Nuova lettera di Bossetti: “Chiedo il diritto ad avere un processo equo”

redazione 5 febbraio 2015

bossetti Nuova lettera di Bossetti: Chiedo il diritto ad avere un processo equo

 

Massimo Bossetti, in carcere con l’accusa di aver ucciso la giovanissima Yara Gambirasio, ha scritto una lettera rivolta alla redazione del noto programma “Matrix”, parlando a cuore aperto della sua situazione attuale in carcere, e soprattutto della sua famiglia:

“Io dal carcere vi vedo in televisione, ma non posso difendermi. Sono qui dentro da 8 mesi. Chiedo il diritto ad avere un processo equo e di poter stare ai domiciliari come qualsiasi cittadino di cui ancora non è stata provata la colpevolezza. L’incubo che sto vivendo potrebbe viverlo chiunque”.

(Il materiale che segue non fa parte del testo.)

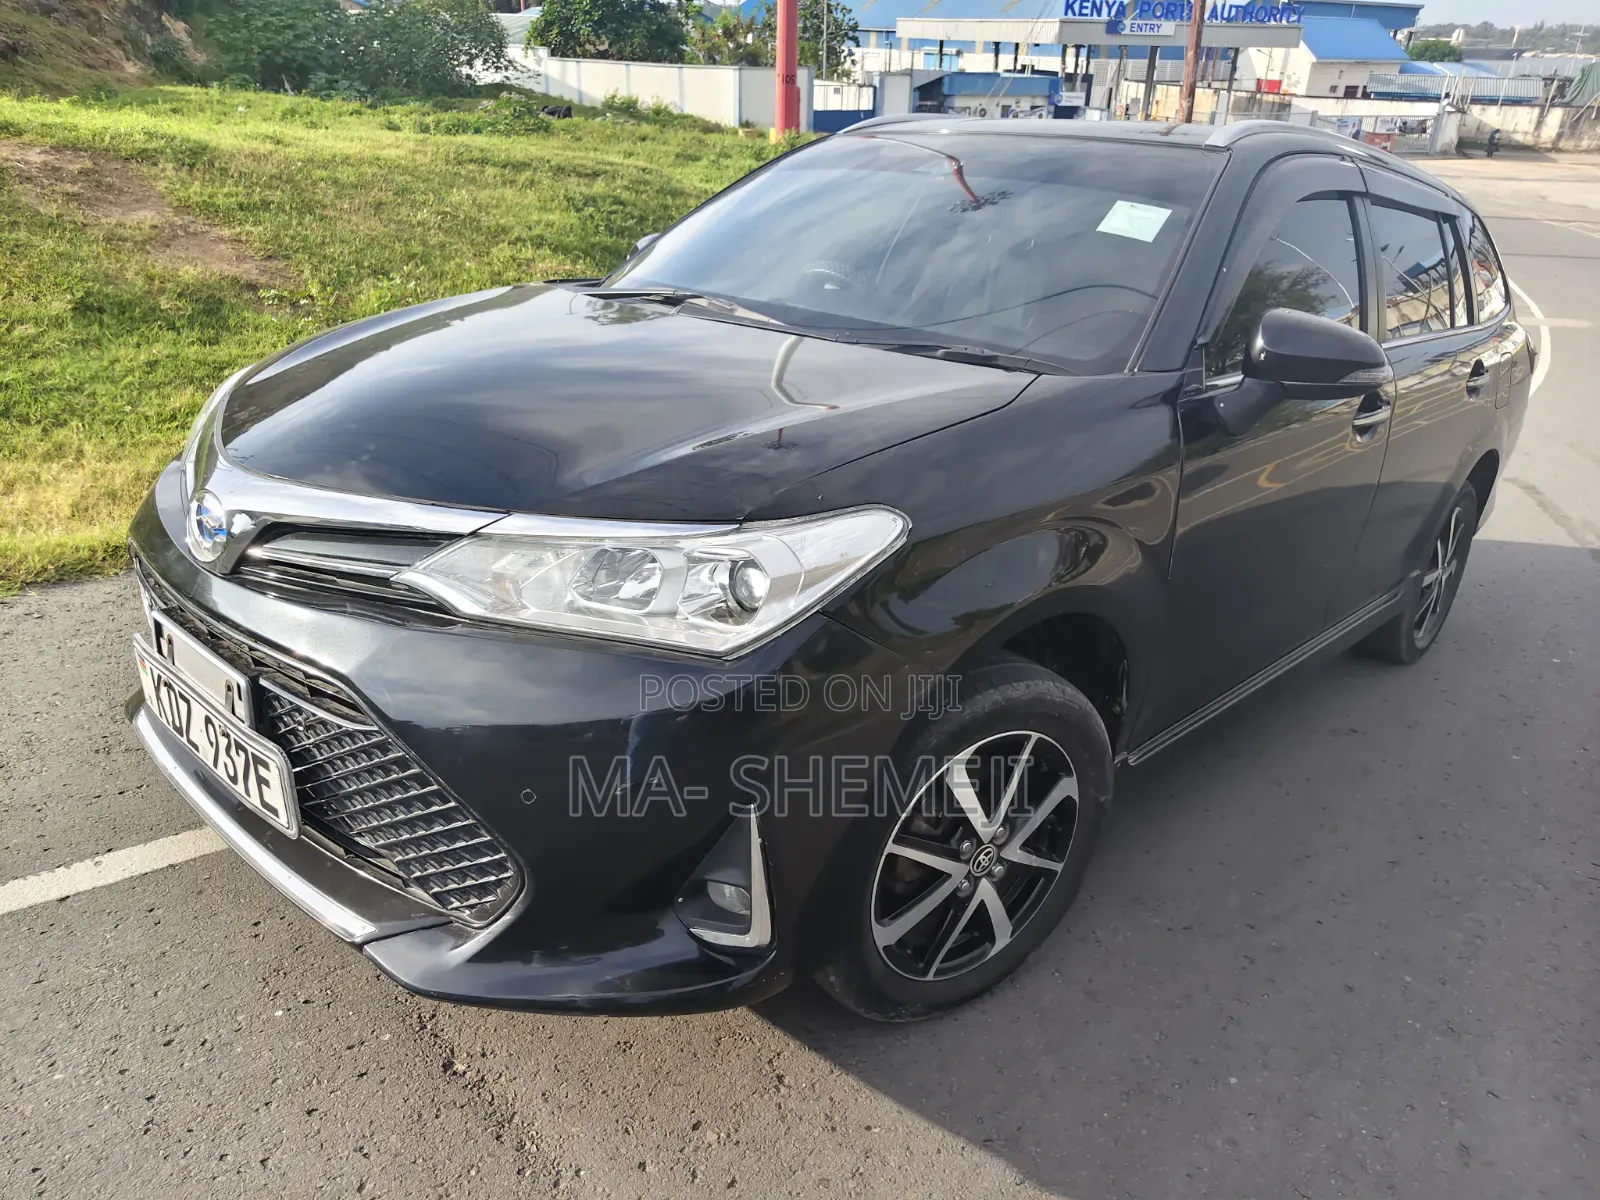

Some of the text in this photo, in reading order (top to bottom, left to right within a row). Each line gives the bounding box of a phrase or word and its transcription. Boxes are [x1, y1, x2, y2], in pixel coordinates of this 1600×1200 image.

Parla della sua permanenza dietro le sbarre, dice di non conoscere tutti i documenti raccolti contro di lui e dice di subire “la forza dell’accusa che mi vuole a tutti i costi colpevole”. Torna poi a chiedere di essere scarcerato, una richiesta che sarà ufficialmente presentata venerdì,  per difendere il suo diritto ad avere quello che lui chiama un “processo equo” e poter stare ai domiciliari, “come qualsiasi altro cittadino di cui non è stata provata ancora la colpevolezza”.